If removing it yourself is not your cup of tea, be sure to call your veterinarian for assistance – many staff members at vet clinics are trained to remove ticks safely, so they may even be able to do it without an appointment.
There may be times you may not be able to see or find every tick crawling on your dog. This is where the second step becomes very important and acts as an extra safeguard for your dog – Apply tick preventatives.
There are many tick preventatives on the market that come in the form of monthly topical applications or edible chews/medications for dogs. Some common products used today are:
- Nexgard – edible chew
- Frontline / Frontline Plus / Frontline Gold – topical
- Seresto – wearable collar
- Bravecto – edible chew, topical
- Simparica / Simparica Trio – edible chew
- Credelio – tablet
- Revolution – topical
Although these products give a helpful layer of protection for our dogs, they are chemicals that our dogs are being exposed to with potential side effects, and therefore need to be chosen wisely. In a recent article published by Dr. Jean Dodds and Project Jake, they go over some of the more concerning side effects seen with some of these products prompting the FDA to issue warnings to users.

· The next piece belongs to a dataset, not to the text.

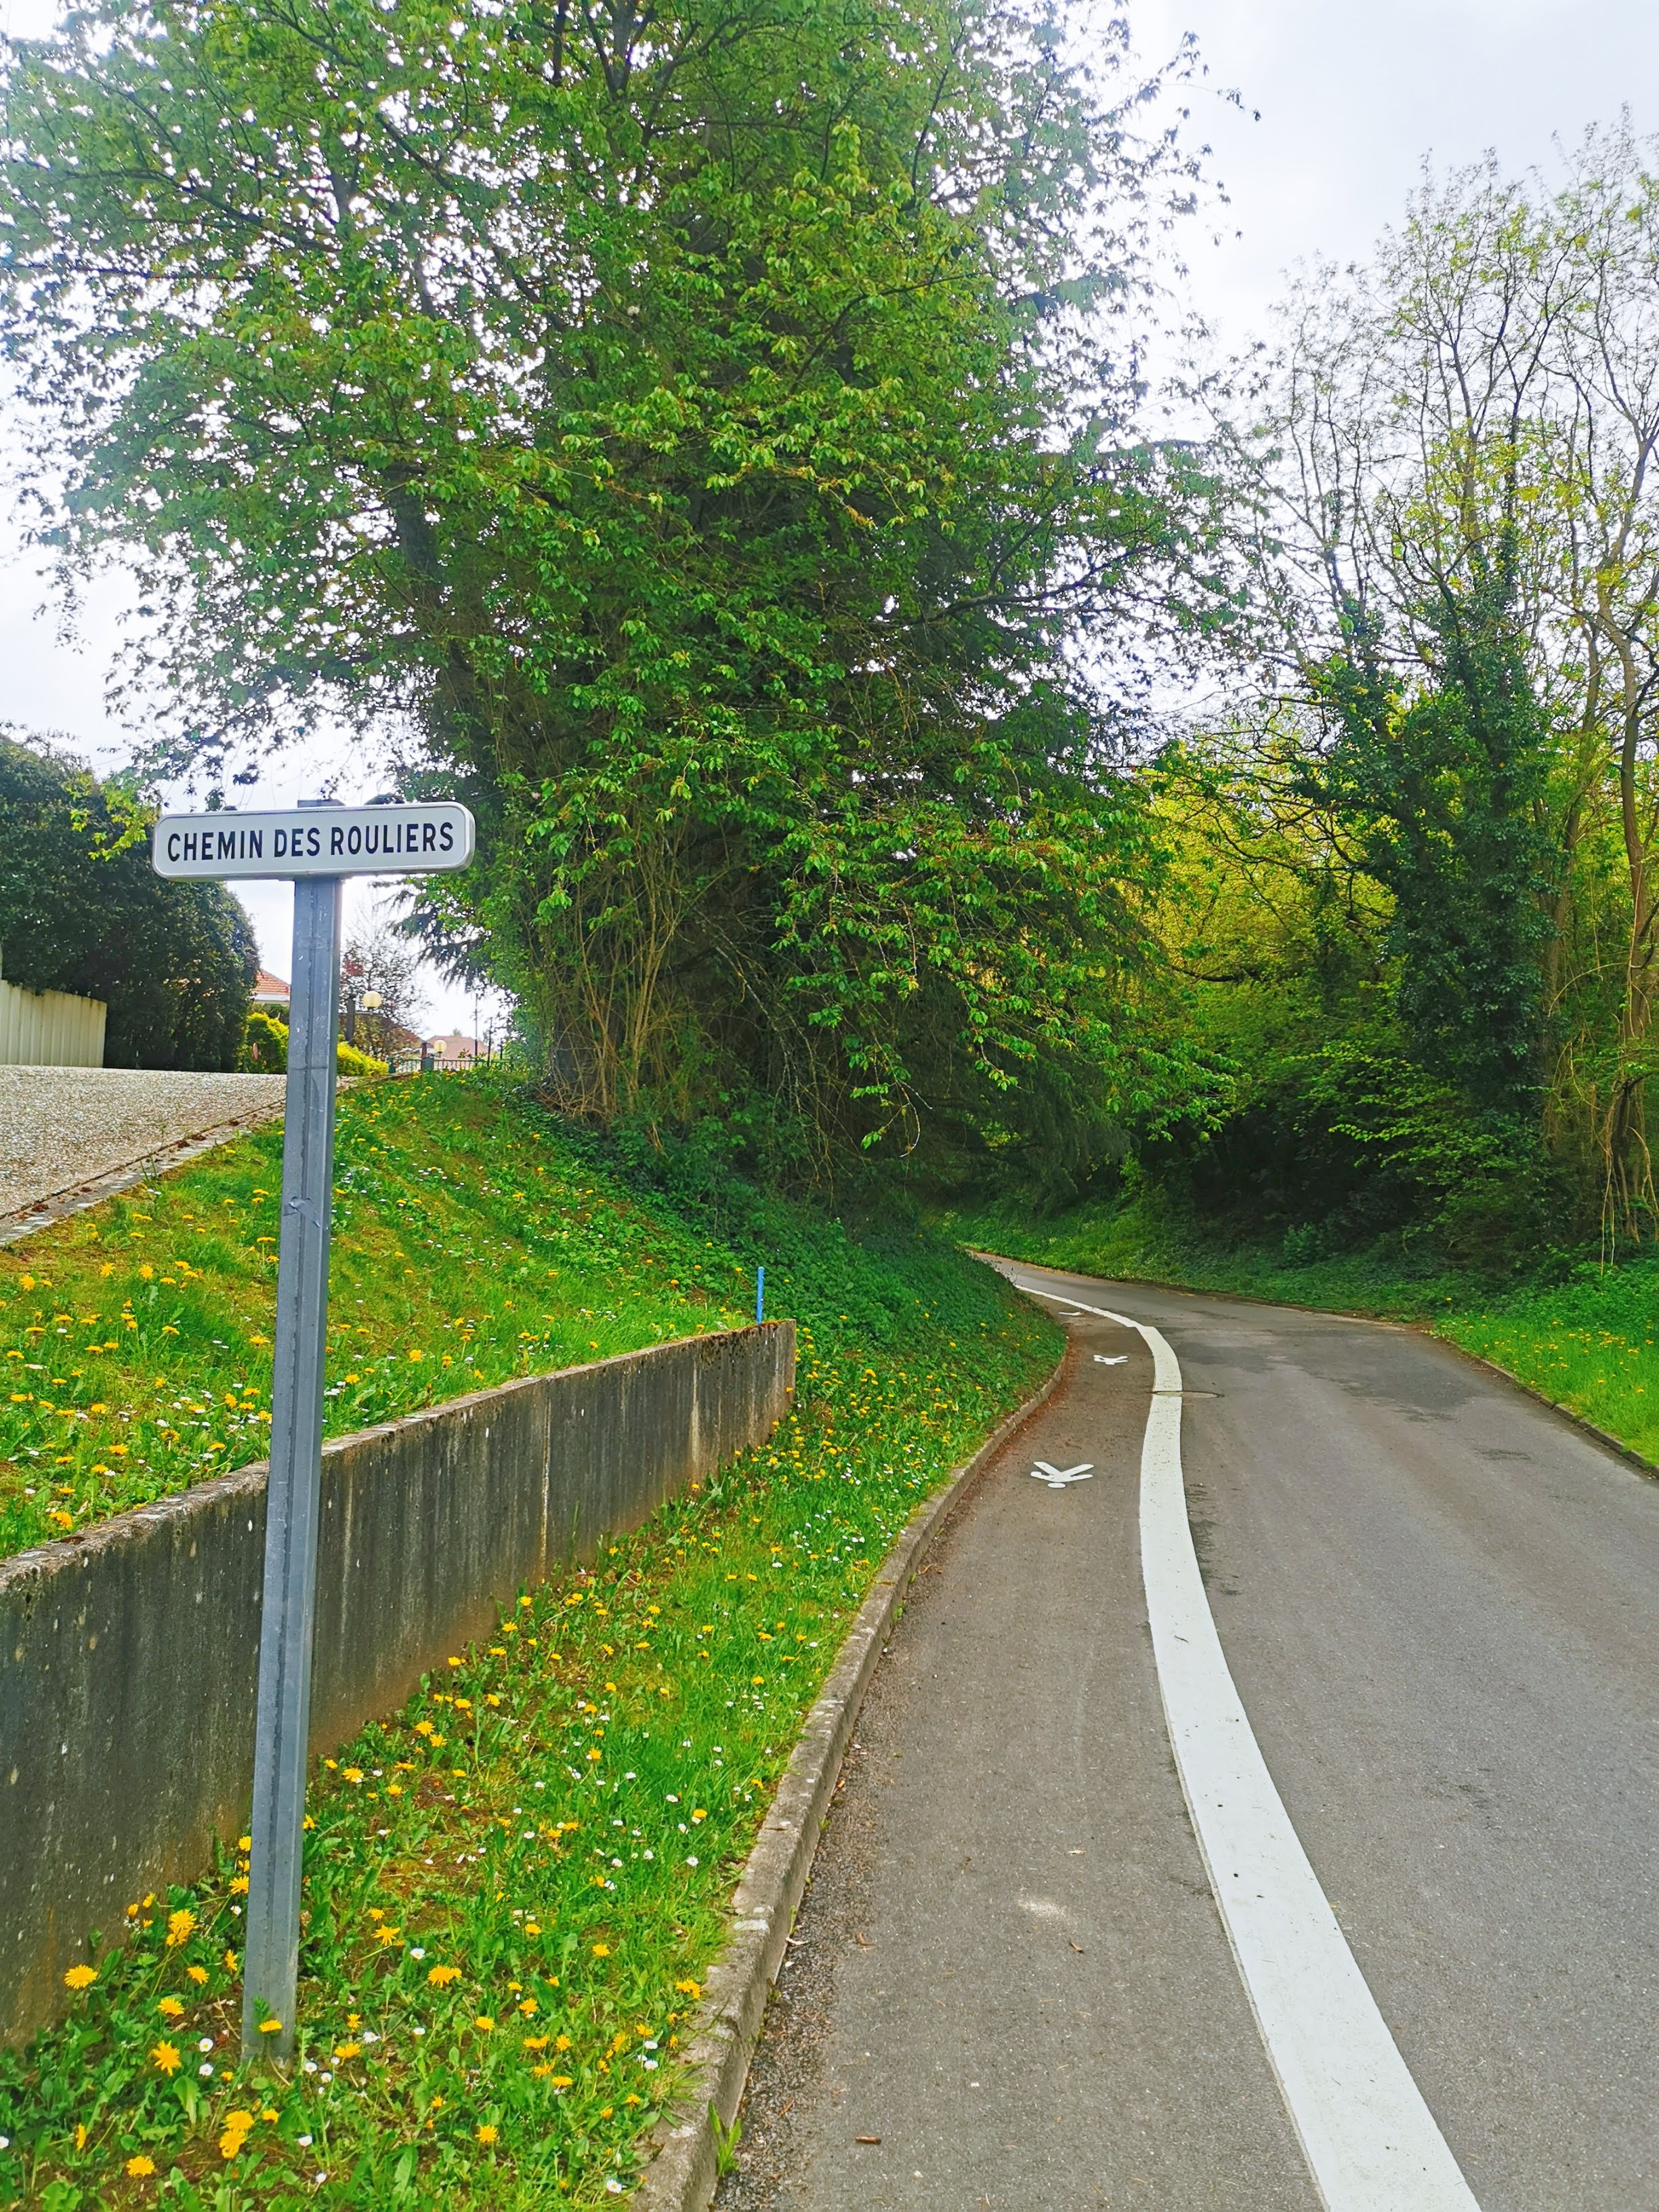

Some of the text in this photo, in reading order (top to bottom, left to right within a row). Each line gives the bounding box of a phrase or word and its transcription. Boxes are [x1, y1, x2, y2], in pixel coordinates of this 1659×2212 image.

[167, 822, 453, 862] CHEMIN DES ROULIERS

Although I try to use as few “chemicals” on my dogs as possible, their tick exposure is very high, so I need them to have an extra layer of protection from tick diseases. I choose to use, and have for many years, Frontline Gold. I am comforted in the fact that I can wash some/most of it off of my dogs in the event that I were to see a reaction or side effect from it within the first 24-48 hours. Whereas an ingestible product may be harder to remove from your dog, depending on the timing of reaction.
If you are desiring to use a more natural product to protect your dog from ticks, there are some available. These include:
- Wondercide – plant based spray on
- Essential Oils – cedar, lavender, citronella, peppermint, lemongrass (read labels carefully when using on pets)
- CatanDog’s Tag – wearable collar tag
The third and final step in my approach to protecting my dogs from ticks comes in the form of a Lyme vaccination.
Vaccinations play a very important part in the health of our dogs and core-vaccinations are a big part of that. The Lyme vaccination is not part of core-vaccinations and is termed more of a “lifestyle vaccination.” In other words, when considering a “lifestyle vaccination” it is all about risk assessment.
Ask yourself if your dog is at heightened risk of contracting the disease a specific vaccination prevents. If so, that specific vaccination may be advisable. For tick diseases, the only vaccination available at this time is for Lyme disease.
Given the lifestyle my dogs and I lead, ticks are a risk to us on almost a daily basis. Therefore, I feel the Lyme vaccination is an important step in keeping my dogs safe. This vaccination is commonly boosted annually. However, because I am a big proponent of not over-vaccinating, I choose to titer test my dog’s Lyme vaccination annually. This test result tells me if the vaccination in his body is still at a suitable level to mount a defense if exposed to Lyme disease. (I’m happy to say that even after 4 years from his last Lyme vaccination, it is still holding strong in his body!)
If you find that your dog is exposed to ticks often, please consult with your veterinarian on whether or not the Lyme vaccination is warranted, and if titer testing is available.
Be mindful with your prevention
I hope this article has shed some light on different ways you can protect your dog from ticks. Please remember that no approach is 100% effective and some approaches are not without side effects. This is why I implement my three-part CAP approach in hopes that each step covers the miss-falls of the previous step for my dogs. Find an approach that works for you to keep your dogs safe, because at the end of the day, don’t let ticks stop you from adventuring with your dog!